Back in the day (and oh, how my kids mock me when I start off that way), I was so proud of the new book satchel I got at the beginning of every year to carry my things to and from school. As I recall, a lot of children didn’t even have satchels–they just carried armloads of books (small armloads at that!).
By high school I had abandoned the satchel. My purse held my pens and I carried home a stack of books. Between each class I visited my locker to trade one class’s book and folder for the next. My, how things have changed.
My boys have simply gargantuan backpacks. The things cost a fortune (or they would, if I could afford a fortune. I spent $30 on Teddy’s and I am fairly certain it will tear up mid-year.) They are stuffed. I’ll bet they weigh thirty pounds. The textbooks are enormous, and apparently there is not enough time to make it to lockers between every class, so the poor kids have to carry backpacks around all day long. In fact, Jake, afraid of forgetting something important due to ADHD, has in fact carried every single book around all day every day.
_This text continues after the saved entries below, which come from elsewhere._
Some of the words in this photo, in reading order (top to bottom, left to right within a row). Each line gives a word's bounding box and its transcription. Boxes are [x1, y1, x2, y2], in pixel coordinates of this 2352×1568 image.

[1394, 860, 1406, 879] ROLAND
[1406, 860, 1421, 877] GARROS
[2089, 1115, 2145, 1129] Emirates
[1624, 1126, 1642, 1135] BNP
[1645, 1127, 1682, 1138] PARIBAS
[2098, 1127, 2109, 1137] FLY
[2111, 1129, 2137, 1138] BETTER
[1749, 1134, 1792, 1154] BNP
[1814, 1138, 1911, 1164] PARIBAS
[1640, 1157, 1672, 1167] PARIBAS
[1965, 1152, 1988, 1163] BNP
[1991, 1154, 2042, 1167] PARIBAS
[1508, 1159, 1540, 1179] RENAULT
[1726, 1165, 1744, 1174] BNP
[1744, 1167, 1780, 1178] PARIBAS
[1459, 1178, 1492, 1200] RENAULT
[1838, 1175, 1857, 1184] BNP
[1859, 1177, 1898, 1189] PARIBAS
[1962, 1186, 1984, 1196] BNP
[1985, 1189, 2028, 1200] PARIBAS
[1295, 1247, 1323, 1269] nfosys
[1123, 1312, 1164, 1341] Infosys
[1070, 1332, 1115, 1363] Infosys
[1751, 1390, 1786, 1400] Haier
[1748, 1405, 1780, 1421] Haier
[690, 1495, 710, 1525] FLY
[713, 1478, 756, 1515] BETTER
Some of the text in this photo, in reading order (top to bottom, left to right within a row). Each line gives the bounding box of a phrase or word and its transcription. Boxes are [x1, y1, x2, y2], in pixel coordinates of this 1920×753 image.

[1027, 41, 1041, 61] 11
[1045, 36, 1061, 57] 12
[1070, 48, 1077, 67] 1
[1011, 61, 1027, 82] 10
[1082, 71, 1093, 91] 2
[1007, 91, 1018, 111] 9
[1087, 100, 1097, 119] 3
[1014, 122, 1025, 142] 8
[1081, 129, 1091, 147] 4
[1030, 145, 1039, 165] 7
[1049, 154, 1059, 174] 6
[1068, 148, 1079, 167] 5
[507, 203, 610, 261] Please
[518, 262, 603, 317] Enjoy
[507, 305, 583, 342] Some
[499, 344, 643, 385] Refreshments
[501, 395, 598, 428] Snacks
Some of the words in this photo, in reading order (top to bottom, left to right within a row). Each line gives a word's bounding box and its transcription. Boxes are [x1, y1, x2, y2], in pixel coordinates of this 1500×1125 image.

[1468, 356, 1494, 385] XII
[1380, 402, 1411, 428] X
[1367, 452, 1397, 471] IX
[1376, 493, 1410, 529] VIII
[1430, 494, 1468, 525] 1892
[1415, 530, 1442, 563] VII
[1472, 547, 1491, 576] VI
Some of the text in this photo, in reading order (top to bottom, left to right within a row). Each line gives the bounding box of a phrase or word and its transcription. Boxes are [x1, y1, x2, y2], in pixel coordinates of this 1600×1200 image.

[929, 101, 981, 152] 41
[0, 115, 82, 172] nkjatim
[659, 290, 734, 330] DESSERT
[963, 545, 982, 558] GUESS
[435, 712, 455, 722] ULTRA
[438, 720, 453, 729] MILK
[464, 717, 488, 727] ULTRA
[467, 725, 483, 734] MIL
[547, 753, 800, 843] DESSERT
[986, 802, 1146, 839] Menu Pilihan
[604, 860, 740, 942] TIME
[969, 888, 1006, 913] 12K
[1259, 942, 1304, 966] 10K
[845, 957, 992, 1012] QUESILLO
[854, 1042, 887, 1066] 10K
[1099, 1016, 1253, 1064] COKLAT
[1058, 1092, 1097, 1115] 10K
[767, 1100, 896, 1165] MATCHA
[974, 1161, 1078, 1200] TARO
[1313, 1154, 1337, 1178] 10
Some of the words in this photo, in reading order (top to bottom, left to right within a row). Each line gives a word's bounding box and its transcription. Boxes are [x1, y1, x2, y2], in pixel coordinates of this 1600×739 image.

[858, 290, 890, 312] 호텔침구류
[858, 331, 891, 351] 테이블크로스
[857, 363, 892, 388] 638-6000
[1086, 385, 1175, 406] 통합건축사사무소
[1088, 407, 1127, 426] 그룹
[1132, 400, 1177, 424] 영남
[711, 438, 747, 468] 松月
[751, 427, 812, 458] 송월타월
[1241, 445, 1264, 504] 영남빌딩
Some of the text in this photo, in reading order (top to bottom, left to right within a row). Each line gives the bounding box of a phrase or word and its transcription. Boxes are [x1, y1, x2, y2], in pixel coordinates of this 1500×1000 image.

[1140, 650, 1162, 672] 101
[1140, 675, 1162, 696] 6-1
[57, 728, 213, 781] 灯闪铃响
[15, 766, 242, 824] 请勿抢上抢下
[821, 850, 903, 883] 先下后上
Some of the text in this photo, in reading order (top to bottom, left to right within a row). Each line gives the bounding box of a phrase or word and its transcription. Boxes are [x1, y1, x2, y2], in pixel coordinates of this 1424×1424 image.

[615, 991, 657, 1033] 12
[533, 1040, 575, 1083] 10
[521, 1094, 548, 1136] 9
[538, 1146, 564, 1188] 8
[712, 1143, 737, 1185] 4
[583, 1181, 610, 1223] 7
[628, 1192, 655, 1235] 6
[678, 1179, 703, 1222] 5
If I’m going to have time to blog every day, I am not going to have time to link to citations, but I know I’ve read studies about the damage this is all doing to our children’s backs. I’ve already expressed my thoughts on what the amount of homework they have does to their family and social lives. Needless to say, along with the increasing demand for expensive school supplies, it’s damaging my pocketbook.
And it’s not just extra-large textbooks crowding my sons’ backpacks. They are also overflowing with three ring binders, required for every class. Why? So that the teachers can take them up and make sure that these teenagers are taking notes the way the teachers want them to. Helicopter teaching, anyone? When I was in high school (which I remember in ridiculous detail, by the way, to my children’s eternal chagrin I’m quite sure), it was entirely up to us what sort of folder or binder we used–or didn’t use–for each class. I recall my freshman year Trapper Keeper particularly fondly! In succeeding years I purchased a different colored folder for each class, making it easy to tell them apart. These folders, of course, cost about ten cents each, unlike the $2.50 per binder we spent at Wal-Mart (and this was, again, for the cheap binders, which will no doubt fall apart from being shoved into those overfull backpacks and have to be replaced mid-year).
Anyway, I don’t remember anyone checking to make sure I was taking notes right when I was a junior in high school. Isn’t it a little late by then? Shouldn’t one’s test scores be the proof of one’s note-taking skills or lack thereof?
Oh, for the good old days. And don’t even get me started on the subject of calculators that cost as much as a week’s worth of groceries.